The Types of FLSA Overtime Exemptions In Ohio

The Types of FLSA Overtime Exemptions In Ohio

A recent Supreme Court case significantly expanded the Fair Labor Standards Act (FLSA) overtime exemptions. As a result, fewer workers in Columbus may be eligible for time-and-a-half and other wage benefits.

In Encino Motorcars v. Navarro, a sharply-divided Court held that automobile dealer service advisers were primarily salesmen and therefore not eligible for overtime. Writing for the majority, Justice Clarence Thomas heavily relied on an “or” in the statute to justify the conclusion. Justice Ruth Bader Ginsburg wrote a lengthy dissent in which the other three liberal justices joined.

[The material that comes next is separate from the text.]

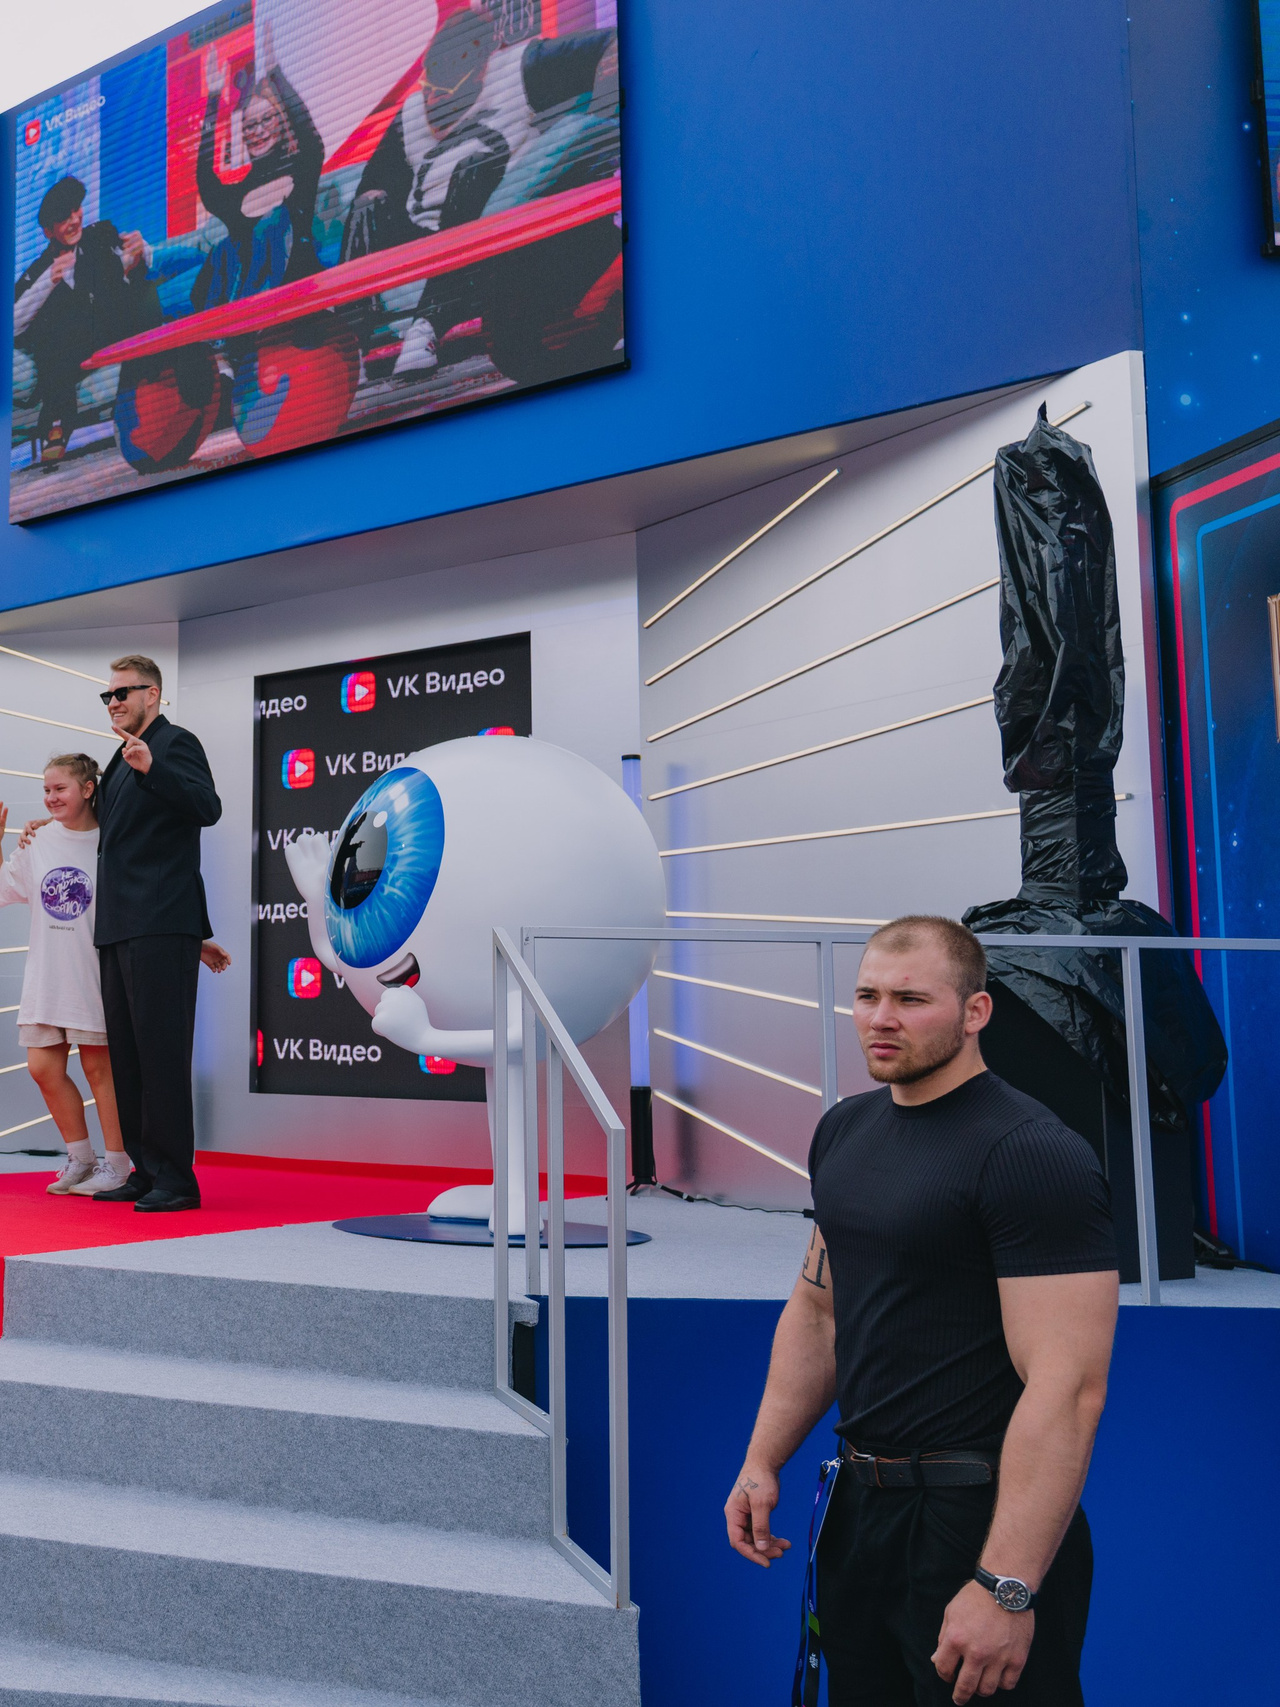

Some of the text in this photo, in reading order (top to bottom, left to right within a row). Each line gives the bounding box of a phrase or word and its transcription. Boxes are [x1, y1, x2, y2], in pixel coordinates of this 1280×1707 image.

[45, 95, 106, 132] VK Видео
[387, 668, 505, 698] VK Видео
[325, 752, 357, 776] VK
[273, 1038, 382, 1066] VK Видео

Overtime Exemption Categories in Columbus

Navarro is just the latest in a long series of struggles over the definition and meaning of overtime eligibility under the FLSA. In 2017, then-President Barack Obama tried to essentially rewrite the rules in a way that would benefit employees, but business groups successfully blocked the changes.

One inherent issue with the FLSA classification rules is that they are extremely broad. Lawmakers intentionally drafted them in this way, so they could apply to a wide range of situations. So, it’s very important to have an experienced attorney in these cases who will give your interpretation a strong voice.

The categories have remained relatively unchanged over the years. Some of the most common overtime exemptions are:

  • Commissioned Salespeople: The worker must be an employee of a service or retail establishment, make at least half his/her income from commissions, and average at least one-and-a-half times the minimum wage. That figure is $12.45 an hour in Ohio.
  • Computer Professionals: Certain IT and other degreed professionals who earn at least $27.63 an hour cannot receive overtime. Normally, the worker must be a full-time computer professional and not the office technology troubleshooter.
  • Drivers: Loaders, mechanics, drivers, drivers’ assistants, and other such workers are not eligible for overtime. These individuals must be engaged in interstate commerce, a phrase which is very broadly defined.
  • Regular Salespeople: This was the exemption issue in Navarro. Under the rule, the worker needs only be substantially engaged in sales activities. These activities do not need to be full time.
  • Executive and Professional: This category is quite controversial as well. People do not necessarily meet this definition just because they have professional degrees. Many lawyers and other workers make almost no executive or management-level decisions and requirements for the exemption are extremely subjective.

Some farmworkers, agricultural laborers, and other seasonal employees are also ineligible for overtime under the FLSA.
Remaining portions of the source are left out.